= Beginning of Section =
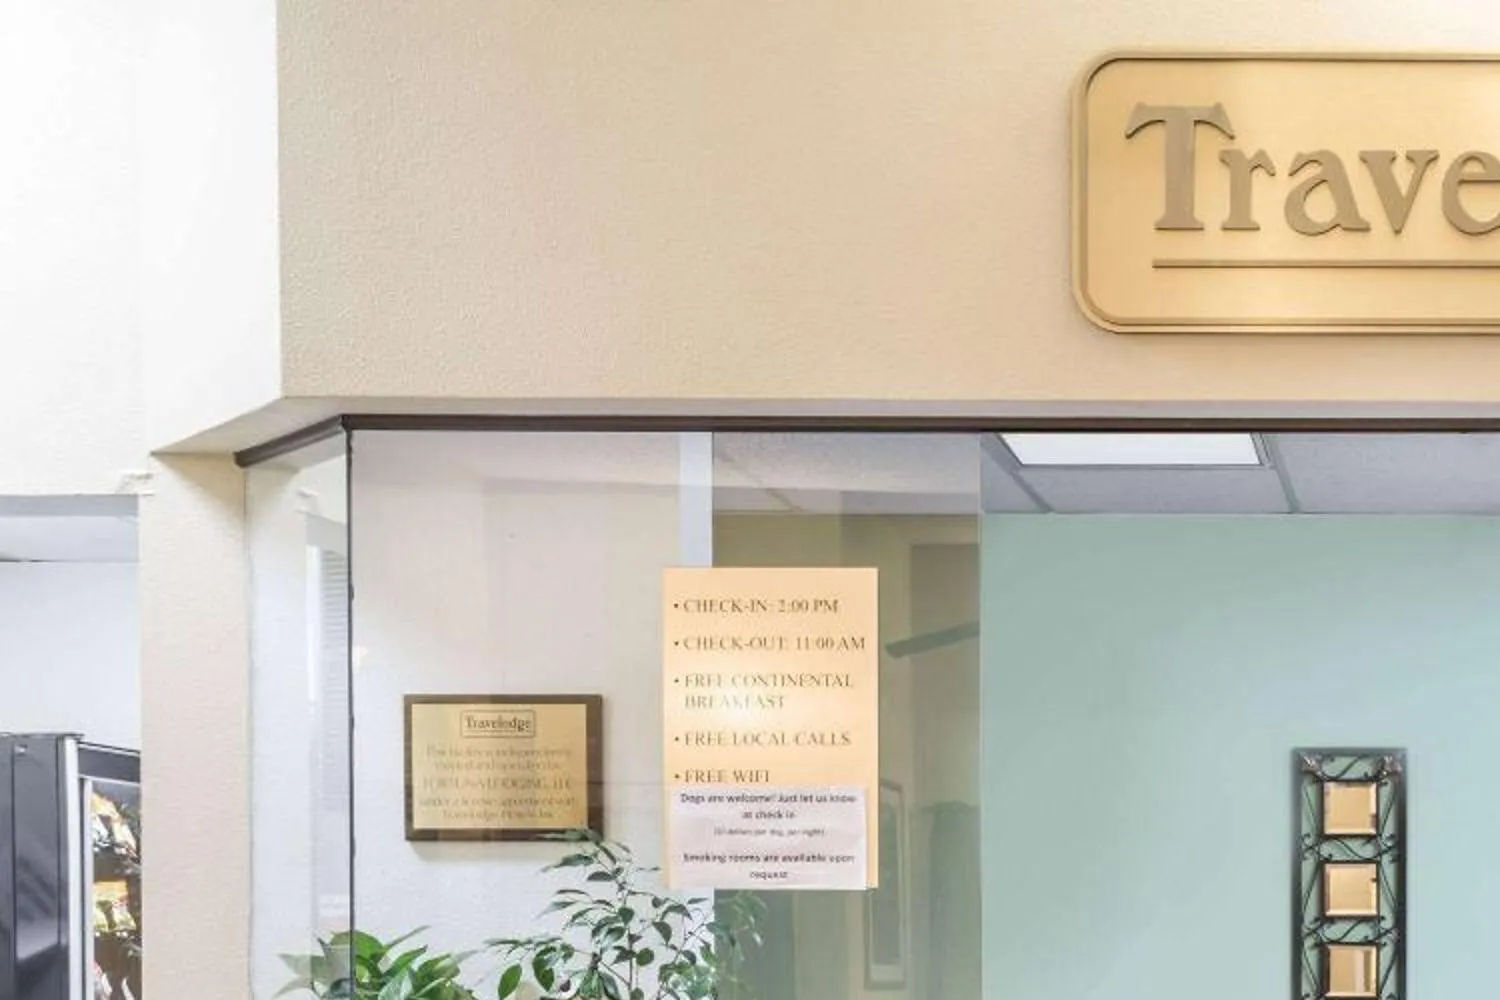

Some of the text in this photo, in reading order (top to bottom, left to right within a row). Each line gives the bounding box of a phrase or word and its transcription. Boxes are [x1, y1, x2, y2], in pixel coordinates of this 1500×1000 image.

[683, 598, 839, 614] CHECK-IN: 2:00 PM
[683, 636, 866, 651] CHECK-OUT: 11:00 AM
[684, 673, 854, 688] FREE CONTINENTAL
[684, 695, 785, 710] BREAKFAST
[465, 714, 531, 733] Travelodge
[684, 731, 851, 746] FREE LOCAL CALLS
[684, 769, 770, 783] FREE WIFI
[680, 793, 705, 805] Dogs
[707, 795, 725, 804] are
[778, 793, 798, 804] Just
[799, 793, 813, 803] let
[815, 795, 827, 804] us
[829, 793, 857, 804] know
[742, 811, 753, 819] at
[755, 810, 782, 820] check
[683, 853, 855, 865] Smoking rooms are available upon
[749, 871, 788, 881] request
= End of Section =
YOUR ASSIGNMENT: Copy out every entry above, character for character, excluding pictures.

EXERCISE ANSWER:
Some of the text in this photo, in reading order (top to bottom, left to right within a row). Each line gives the bounding box of a phrase or word and its transcription. Boxes are [x1, y1, x2, y2], in pixel coordinates of this 1500×1000 image.

[683, 598, 839, 614] CHECK-IN: 2:00 PM
[683, 636, 866, 651] CHECK-OUT: 11:00 AM
[684, 673, 854, 688] FREE CONTINENTAL
[684, 695, 785, 710] BREAKFAST
[465, 714, 531, 733] Travelodge
[684, 731, 851, 746] FREE LOCAL CALLS
[684, 769, 770, 783] FREE WIFI
[680, 793, 705, 805] Dogs
[707, 795, 725, 804] are
[778, 793, 798, 804] Just
[799, 793, 813, 803] let
[815, 795, 827, 804] us
[829, 793, 857, 804] know
[742, 811, 753, 819] at
[755, 810, 782, 820] check
[683, 853, 855, 865] Smoking rooms are available upon
[749, 871, 788, 881] request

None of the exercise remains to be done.